简体   繁体   English

如何从 csv 中的多个文件计算平均值

[英]How to calculate mean from multiple file in csv

Using this option in python it is possible to calculate the mean from multiple csv file在 python 中使用此选项可以从多个 csv 文件中计算平均值

If file1.csv through file100.csv are all in the same directory, you can use this Python script:如果 file1.csv 到 file100.csv 都在同一个目录下,你可以使用这个 Python 脚本:

#!/usr/bin/env python3

N = 100
mean_sum = 0
std_sum = 0
for i in range(1, N + 1):
    with open(f"file{i}.csv") as f:
        mean_sum += float(f.readline().split(",")[1])
        std_sum += float(f.readline().split(",")[1])

print(f"Mean of means: {mean_sum / N}")
print(f"Mean of stds: {std_sum / N}")

How is it possible to make it in R?如何在 R 中实现它?

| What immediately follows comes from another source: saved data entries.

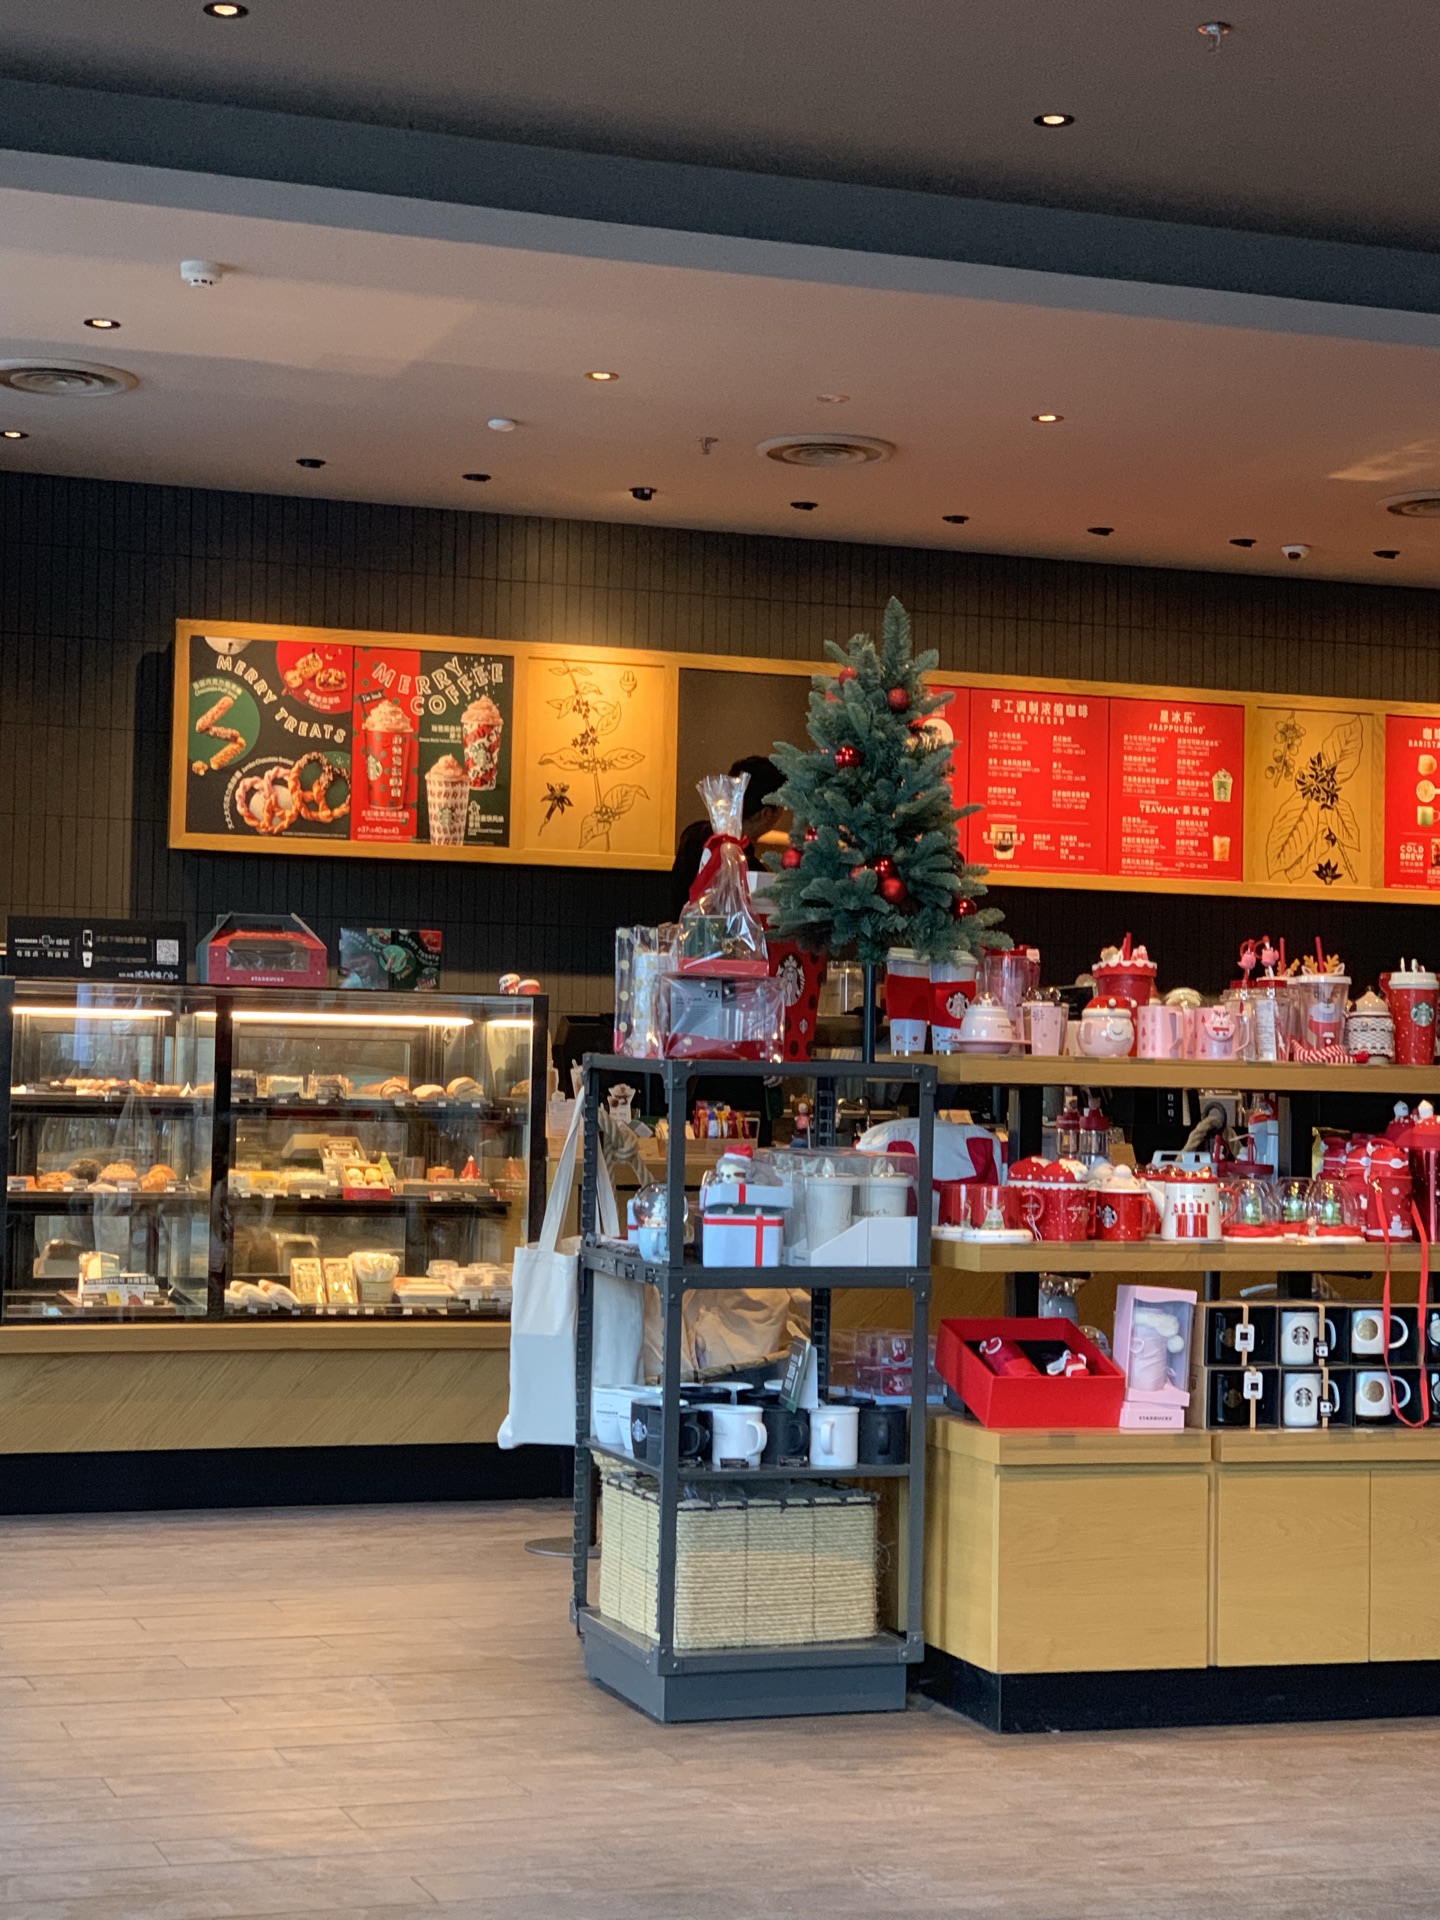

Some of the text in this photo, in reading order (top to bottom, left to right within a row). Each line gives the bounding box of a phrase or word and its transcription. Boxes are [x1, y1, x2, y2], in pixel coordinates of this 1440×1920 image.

[371, 656, 463, 696] MERRY
[410, 663, 504, 716] COFFEE
[216, 654, 278, 705] MERRY
[274, 706, 347, 744] TREATS
[991, 698, 1089, 718] 手工调制浓缩咖啡
[1013, 714, 1066, 726] ESPRESSO
[1159, 709, 1194, 725] 星冰乐
[1148, 723, 1204, 735] FRAPPUCCINO
[1139, 804, 1180, 815] TEAVANA
[1399, 844, 1424, 853] COLD
[1399, 852, 1424, 861] BREW
[706, 989, 719, 999] 71

"all can be coded", Erik:) “一切都可以编码”,埃里克:)

It is difficult to help, if you do not provide a minimal reproducible example and describe what you attempted so far and where things go wrong for you.如果您不提供最小的可重现示例并描述您迄今为止尝试的内容以及 go 对您来说错的地方,那么很难提供帮助。

The following is based on {tidyverse} ;以下基于{tidyverse} a set of packages that work well together.一组可以很好地协同工作的软件包。 I write in almost pseudo-code that should get you going.我写的几乎是pseudo-code ,应该能让你继续前进。 Obviously, you will have to adapt, rename to fit your project/variable names, etc.显然,您将不得不适应、重命名以适合您的项目/变量名称等。

Good luck:祝你好运:

library(readr)     # package to read tabular data
library(dplyr)     # main working horse to crunch data
library(purrr)     # functional programming for iterations/loops

pth <- "my-data-folder"    # provide path to your data

# create a list of file names in your folder
## you may need to fine-tune the regular pattern to select the files you look for
## full.names gives you the path/name of your data files
## \\.csv is the way to "escape" the dot of the csv type ending

fns <- list.files(path = pth, pattern = "*file.*\\.csv", full.names = TRUE)

# write a function that reads the file and calculates your stats
## you can "summarise" stats over a table

my_function <- function(.fn){
  df <- read_csv(.fn)     # read the file
  df <- df %>% 
    summarise(MEAN = mean(my-target-variable)    # calc mean of your file/data
              , SD = sd(my-target-variable)      # calc sd of the data
}

# iterate with purrr::map := take list of filenames and apply your function to each list entry
## map_dfr() provides a data frame, you can use "only" map() to get a list
## for testing purposes you can truncate the list of filenames with fns[1:3] for the
## first 3 files, other

ds <- fns %>% 
   purrr::map_dfr(.f = my_function)

ds

ds is a table with columns MEAN and SD. ds是一个包含 MEAN 和 SD 列的表。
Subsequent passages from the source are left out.